START Material for the task

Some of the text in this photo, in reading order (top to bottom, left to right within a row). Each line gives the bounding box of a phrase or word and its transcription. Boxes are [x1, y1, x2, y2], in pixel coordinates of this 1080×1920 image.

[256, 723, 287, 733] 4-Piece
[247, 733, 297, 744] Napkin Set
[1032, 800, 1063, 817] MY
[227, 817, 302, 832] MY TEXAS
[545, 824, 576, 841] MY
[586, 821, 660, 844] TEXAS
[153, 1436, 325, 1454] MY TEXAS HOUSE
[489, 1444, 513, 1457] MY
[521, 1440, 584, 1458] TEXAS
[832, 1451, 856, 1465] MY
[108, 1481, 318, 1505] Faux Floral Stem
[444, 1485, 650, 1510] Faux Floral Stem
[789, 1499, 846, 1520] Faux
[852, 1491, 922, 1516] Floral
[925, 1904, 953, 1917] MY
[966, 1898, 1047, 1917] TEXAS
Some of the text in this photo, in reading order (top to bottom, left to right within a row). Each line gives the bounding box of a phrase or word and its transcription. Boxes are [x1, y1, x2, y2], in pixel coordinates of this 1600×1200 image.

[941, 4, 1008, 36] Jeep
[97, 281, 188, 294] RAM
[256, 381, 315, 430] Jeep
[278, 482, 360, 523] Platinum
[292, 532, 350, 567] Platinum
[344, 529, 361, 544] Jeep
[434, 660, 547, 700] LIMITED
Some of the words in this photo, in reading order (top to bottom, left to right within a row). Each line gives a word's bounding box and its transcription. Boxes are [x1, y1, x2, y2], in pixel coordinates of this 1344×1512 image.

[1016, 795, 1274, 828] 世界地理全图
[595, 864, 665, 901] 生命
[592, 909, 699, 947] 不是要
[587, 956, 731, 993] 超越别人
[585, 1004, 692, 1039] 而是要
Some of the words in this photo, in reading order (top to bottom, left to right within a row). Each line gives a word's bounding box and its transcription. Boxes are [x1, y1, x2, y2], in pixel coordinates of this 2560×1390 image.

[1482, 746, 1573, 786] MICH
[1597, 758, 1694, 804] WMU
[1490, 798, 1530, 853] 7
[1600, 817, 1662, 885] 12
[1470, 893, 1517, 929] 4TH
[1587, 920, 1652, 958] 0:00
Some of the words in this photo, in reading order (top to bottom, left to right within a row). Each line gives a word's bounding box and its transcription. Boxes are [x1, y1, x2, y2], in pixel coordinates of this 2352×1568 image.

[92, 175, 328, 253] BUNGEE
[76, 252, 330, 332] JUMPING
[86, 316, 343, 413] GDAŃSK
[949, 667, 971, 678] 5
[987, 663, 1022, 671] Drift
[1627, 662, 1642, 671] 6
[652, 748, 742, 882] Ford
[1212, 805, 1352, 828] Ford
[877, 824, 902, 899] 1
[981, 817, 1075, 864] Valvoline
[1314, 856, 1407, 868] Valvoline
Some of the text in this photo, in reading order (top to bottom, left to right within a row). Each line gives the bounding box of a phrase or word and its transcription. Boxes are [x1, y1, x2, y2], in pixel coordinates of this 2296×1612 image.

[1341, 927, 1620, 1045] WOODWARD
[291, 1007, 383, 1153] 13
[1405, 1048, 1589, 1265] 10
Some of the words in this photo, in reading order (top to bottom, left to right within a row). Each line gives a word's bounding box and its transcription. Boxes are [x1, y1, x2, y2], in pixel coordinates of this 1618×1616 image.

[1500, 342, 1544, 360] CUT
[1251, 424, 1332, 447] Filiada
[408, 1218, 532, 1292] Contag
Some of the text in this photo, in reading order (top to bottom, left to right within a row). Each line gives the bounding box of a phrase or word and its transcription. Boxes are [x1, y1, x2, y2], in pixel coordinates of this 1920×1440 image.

END Material for the task

◆ How to complete this task
Please give every entry again, precisely as it appears.

◆ Answer to this exercise
Some of the text in this photo, in reading order (top to bottom, left to right within a row). Each line gives the bounding box of a phrase or word and its transcription. Boxes are [x1, y1, x2, y2], in pixel coordinates of this 1080×1920 image.

[256, 723, 287, 733] 4-Piece
[247, 733, 297, 744] Napkin Set
[1032, 800, 1063, 817] MY
[227, 817, 302, 832] MY TEXAS
[545, 824, 576, 841] MY
[586, 821, 660, 844] TEXAS
[153, 1436, 325, 1454] MY TEXAS HOUSE
[489, 1444, 513, 1457] MY
[521, 1440, 584, 1458] TEXAS
[832, 1451, 856, 1465] MY
[108, 1481, 318, 1505] Faux Floral Stem
[444, 1485, 650, 1510] Faux Floral Stem
[789, 1499, 846, 1520] Faux
[852, 1491, 922, 1516] Floral
[925, 1904, 953, 1917] MY
[966, 1898, 1047, 1917] TEXAS
Some of the text in this photo, in reading order (top to bottom, left to right within a row). Each line gives the bounding box of a phrase or word and its transcription. Boxes are [x1, y1, x2, y2], in pixel coordinates of this 1600×1200 image.

[941, 4, 1008, 36] Jeep
[97, 281, 188, 294] RAM
[256, 381, 315, 430] Jeep
[278, 482, 360, 523] Platinum
[292, 532, 350, 567] Platinum
[344, 529, 361, 544] Jeep
[434, 660, 547, 700] LIMITED
Some of the words in this photo, in reading order (top to bottom, left to right within a row). Each line gives a word's bounding box and its transcription. Boxes are [x1, y1, x2, y2], in pixel coordinates of this 1344×1512 image.

[1016, 795, 1274, 828] 世界地理全图
[595, 864, 665, 901] 生命
[592, 909, 699, 947] 不是要
[587, 956, 731, 993] 超越别人
[585, 1004, 692, 1039] 而是要
Some of the words in this photo, in reading order (top to bottom, left to right within a row). Each line gives a word's bounding box and its transcription. Boxes are [x1, y1, x2, y2], in pixel coordinates of this 2560×1390 image.

[1482, 746, 1573, 786] MICH
[1597, 758, 1694, 804] WMU
[1490, 798, 1530, 853] 7
[1600, 817, 1662, 885] 12
[1470, 893, 1517, 929] 4TH
[1587, 920, 1652, 958] 0:00
Some of the words in this photo, in reading order (top to bottom, left to right within a row). Each line gives a word's bounding box and its transcription. Boxes are [x1, y1, x2, y2], in pixel coordinates of this 2352×1568 image.

[92, 175, 328, 253] BUNGEE
[76, 252, 330, 332] JUMPING
[86, 316, 343, 413] GDAŃSK
[949, 667, 971, 678] 5
[987, 663, 1022, 671] Drift
[1627, 662, 1642, 671] 6
[652, 748, 742, 882] Ford
[1212, 805, 1352, 828] Ford
[877, 824, 902, 899] 1
[981, 817, 1075, 864] Valvoline
[1314, 856, 1407, 868] Valvoline
Some of the text in this photo, in reading order (top to bottom, left to right within a row). Each line gives the bounding box of a phrase or word and its transcription. Boxes are [x1, y1, x2, y2], in pixel coordinates of this 2296×1612 image.

[1341, 927, 1620, 1045] WOODWARD
[291, 1007, 383, 1153] 13
[1405, 1048, 1589, 1265] 10
Some of the words in this photo, in reading order (top to bottom, left to right within a row). Each line gives a word's bounding box and its transcription. Boxes are [x1, y1, x2, y2], in pixel coordinates of this 1618×1616 image.

[1500, 342, 1544, 360] CUT
[1251, 424, 1332, 447] Filiada
[408, 1218, 532, 1292] Contag
Some of the text in this photo, in reading order (top to bottom, left to right within a row). Each line gives the bounding box of a phrase or word and its transcription. Boxes are [x1, y1, x2, y2], in pixel coordinates of this 1920×1440 image.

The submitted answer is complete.